Wales international rugby union player

James Bridie (19 September 1857 – third ¼ 1893) was a Scottish-born rugby union Centre who played club rugby union for Cardiff, and Newport and county rugby for Monmouthshire.

==Rugby career==
Bridie was born in Greenock in 1857 and was educated in Madras College, St. Andrews, before moving to Wales. In the 1881 census he was described as a rope agent and was living in the centre of Cardiff with his wife Marion. Although playing for several south-eastern Welsh clubs, he is most notable as a Newport player.
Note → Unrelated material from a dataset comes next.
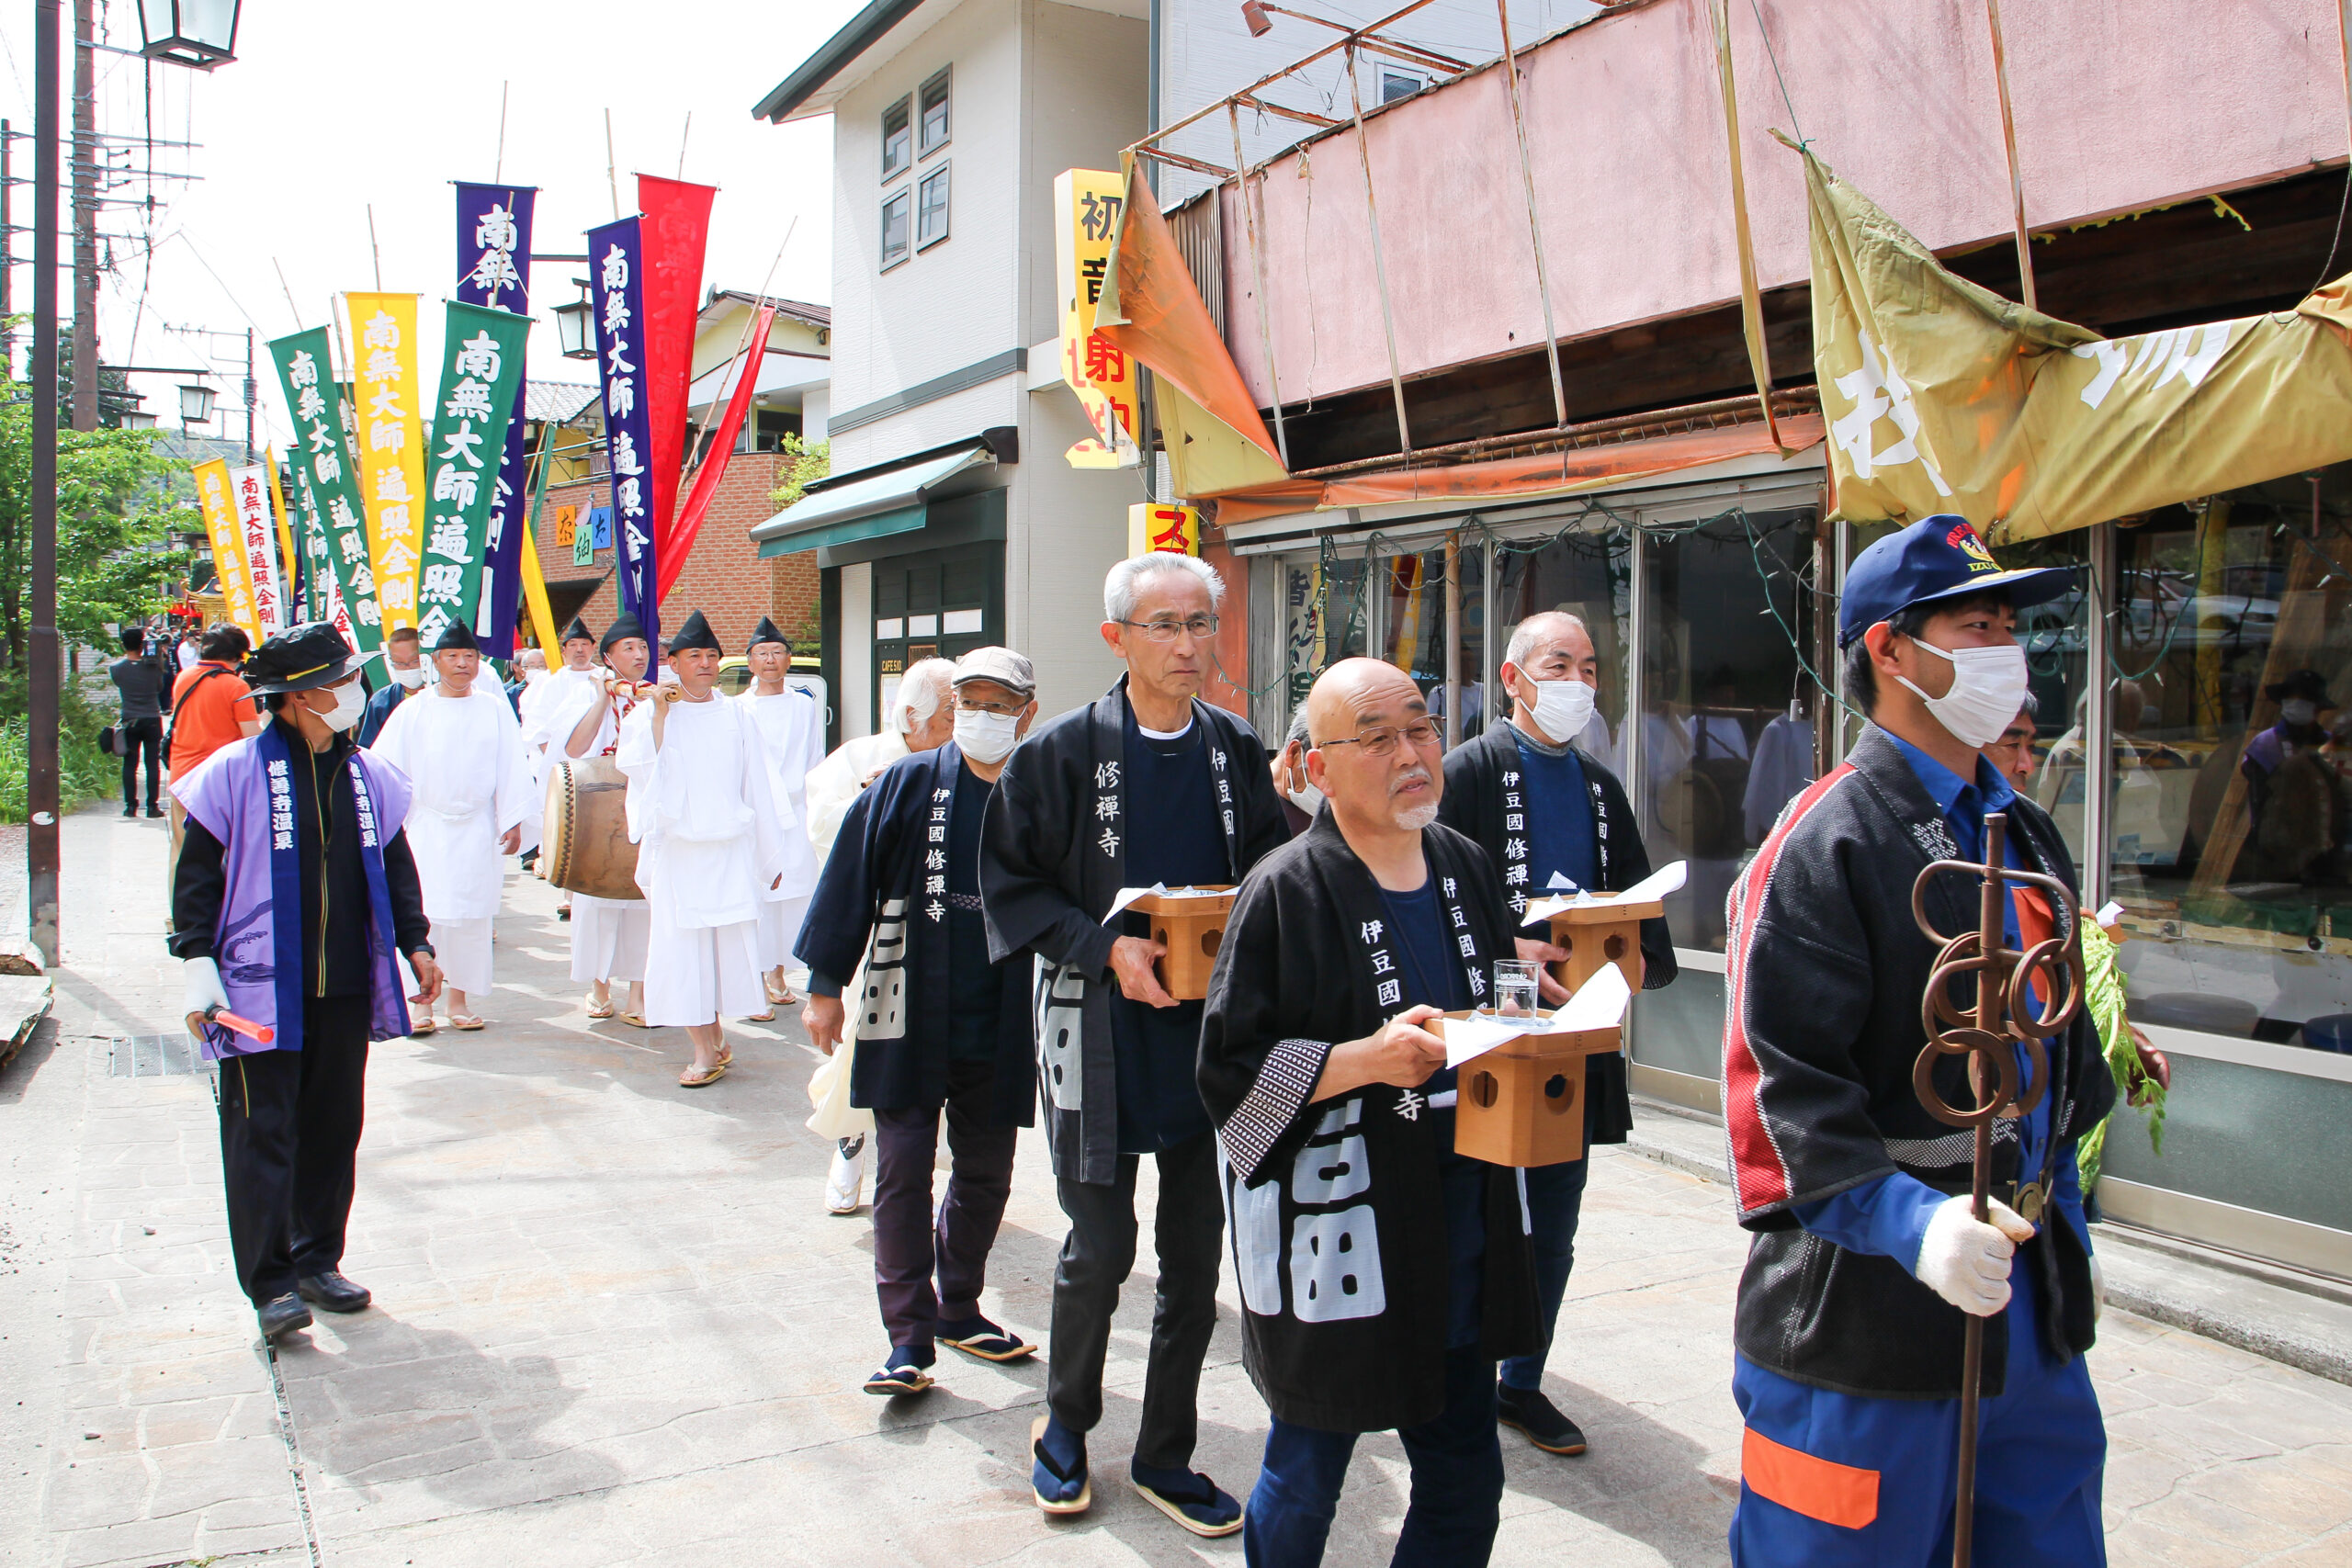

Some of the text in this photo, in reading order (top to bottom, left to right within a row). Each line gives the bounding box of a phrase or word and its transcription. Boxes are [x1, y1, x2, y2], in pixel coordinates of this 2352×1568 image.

[362, 309, 419, 611] 南無大師遍照金剛
[1153, 509, 1190, 554] ス
[241, 476, 277, 624] 南無大師遍照金剛
During the 1885/1886 season, Bridie had found work in Bradford, and left behind his connections with Welsh rugby. Still wishing to continue playing rugby he joined local club Manningham FC. After just playing one game for Manningham he turned out for bitter rivals Bradford, before switching back to Manningham FC. The Manningham supporters, created a chant based on the derogatory nursery rhyme, Taffy was a Welshman; despite the fact that Bridie was deemed not to be Welsh by the Scottish rugby fraternity.

 Bridie was a Welshman
 Bradford was a thief.
 Bradford came to our house,
 and now we are in grief.

==Bibliography==
- Collins, Tony (1998). "Rugby's Great Split, Class, Culture and Origins of Rugby League Football"
- Griffiths, John (1987). "The Phoenix Book of International Rugby Records"
- Smith, David (1980). "Fields of Praise: The Official History of The Welsh Rugby Union"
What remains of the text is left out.